Mit Persona zeigt Dietmar Fischer eine Auswahl aus seiner im März diesen Jahres in Havanna entstandenen Porträtserie von Personen, die er bei ihnen zu Hause besucht und mit seiner analogen Kamera auf Schwarzweiss-Film im 6×6 Format fotografiert hatte.
 
Im Lateinischen bezeichnet Persona eine Person, einen Character oder eine Rolle.
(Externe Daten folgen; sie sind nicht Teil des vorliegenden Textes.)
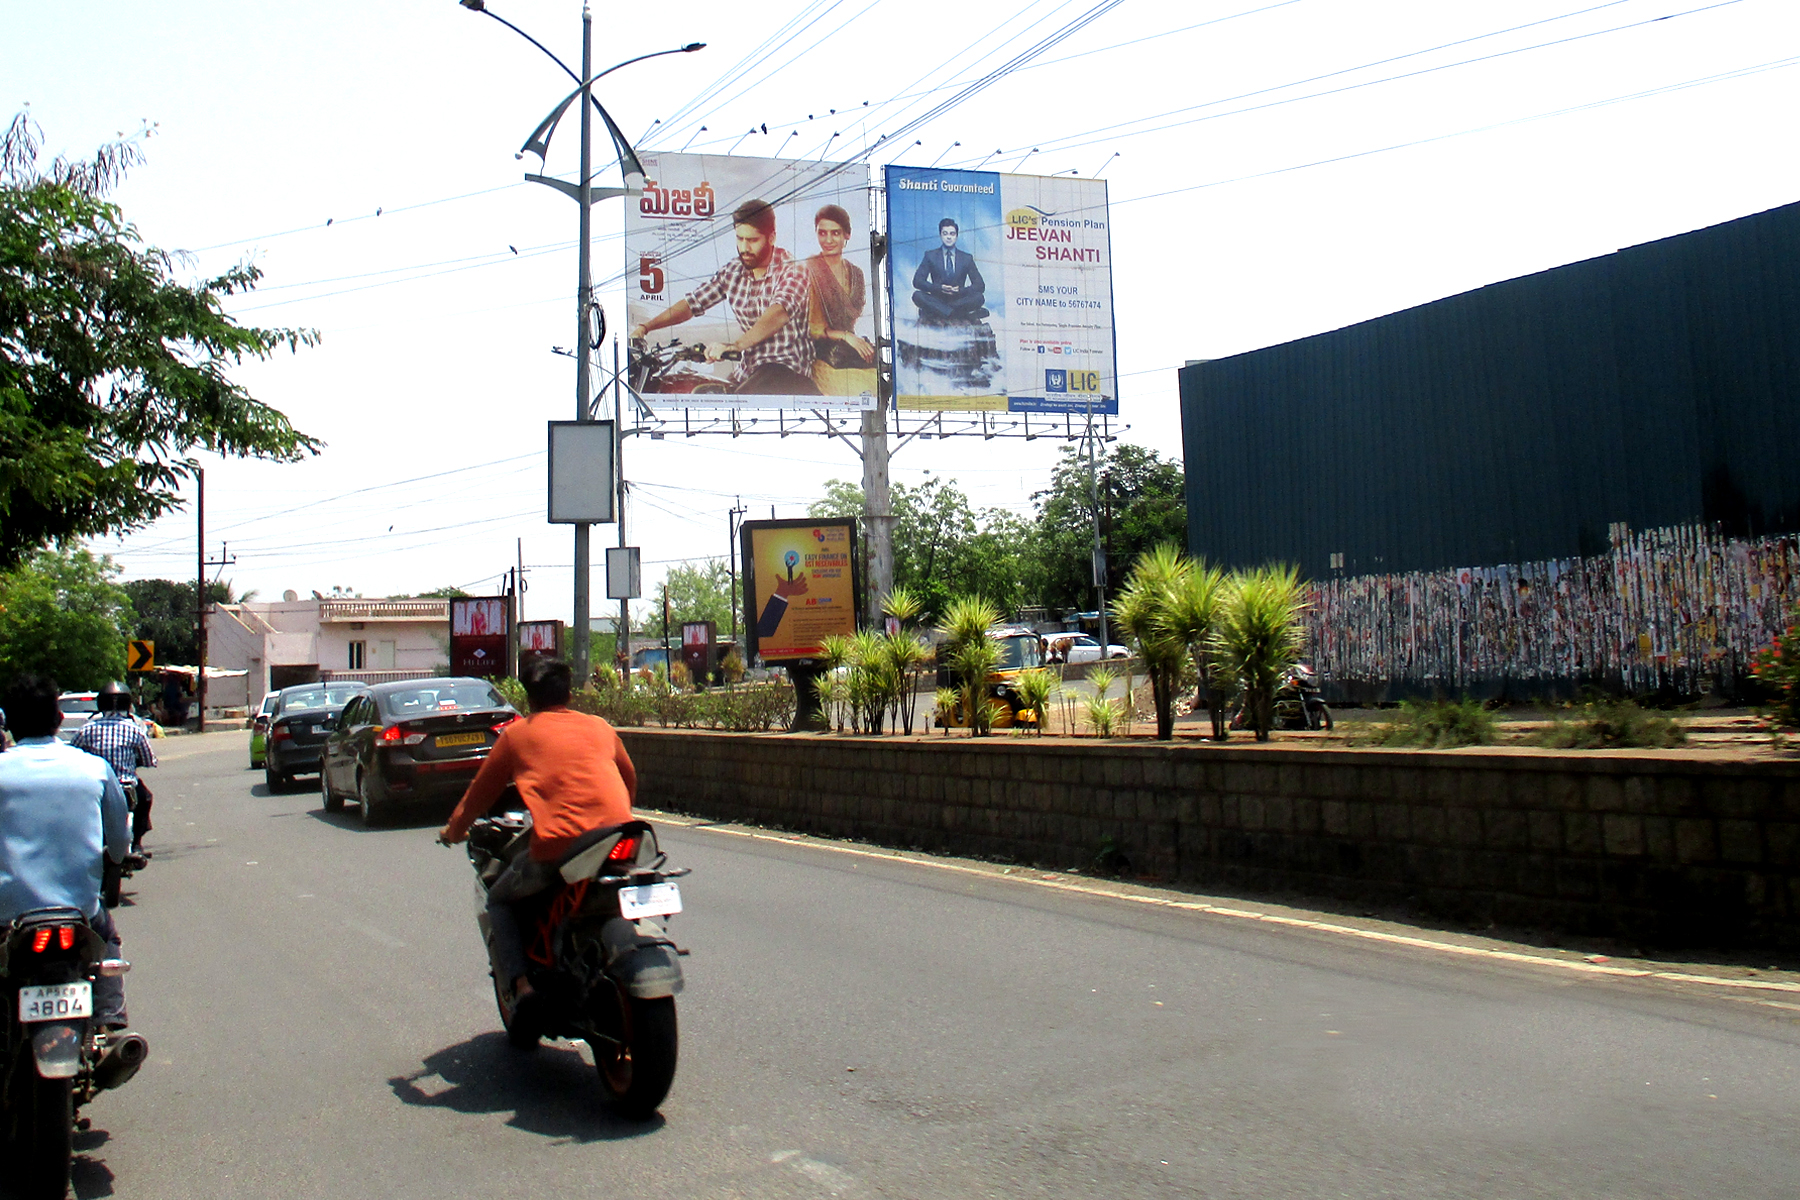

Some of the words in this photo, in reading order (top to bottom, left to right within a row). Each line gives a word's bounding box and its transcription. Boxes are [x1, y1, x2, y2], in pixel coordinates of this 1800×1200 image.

In der Psychologie nennt man die nach außen hin gezeigte Einstellung eines Menschen Persona, die seiner sozialen Anpassung dient und manchmal auch mit seinem Selbstbild identisch ist. (C.G. Jung)
 
Ziel der Porträtserie war es Bilder entstehen zu lassen, die zum einen die persönliche Nähe und den Charakter der Person zeigen, als auch dem Betrachter ein paar offene Fragen lassen sollten.  
 
Yonersy und Sergio sind die Protagonisten dieser Ausstellung. 
 
Yon, als Kind von seiner Familie getrennt, lebt heute in einer Patchworkfamilie mit 6 Kindern und verdient seinen Lebensunterhalt mit dem Verkauf gesammelter Plastikflaschen. Er ist ein sehr ruhiger und bescheidener Mensch. Auf meine Frage, was seine größten Wünsche sind, antwortete er spontan, dass es seiner Familie gut gehen solle.
 
Sergio hatte in den 80er und 90e Jahren vor allem in Gefängnissen in Cuba und den USA zugebracht. Er lebt heute alleine, hat noch gelegentlich Kontakt zu seiner Mutter, die als einzige seiner Familie noch in Havanna lebt. Er besitzt kaum etwas, zeigt aber im Gespräch und auch auf den Bildern Stolz und Würde. Seine Wohnung besteht aus einem fensterlosen Zimmer mit Kochnische und Nasszelle, in dem sich ausser einem überdimensionalen Bett und einem Schaukelstuhl nichts befindet. Aber an der Wand hing dann doch an einem Nagel sein beigefarbener Anzug, in dem Yon fotografiert werden wollte. Stolz und Würde in einer natürlichen, nicht übertrieben pathetischen Form, das macht Sergio aus. Einzig die Bilder, die ihn hinter Gittern zeigen, fallen etwas aus der Reihe. Hier wurde seine Zeit im Gefängnis nachgespielt.
 
Die Bilder sind mit Hilfe des kubanischen Fotografen Antonio Hernandez entstanden, der den Kontakt zu den Protagonisten herstellte und seine Dunkelkammer für die Filmentwicklung sowie erste Prints zur Verfügung stellte.
Die Fotos der Ausstellung wurden auf Barytpapier im Format 40×40 ausbelichtet und anschliessend in einer Selentonung veredelt.
 
Während der Vernissage wird die Ausstellung von einer digitalen Diaschau mit einer Reisereportage hinter den Kulissen Havannas.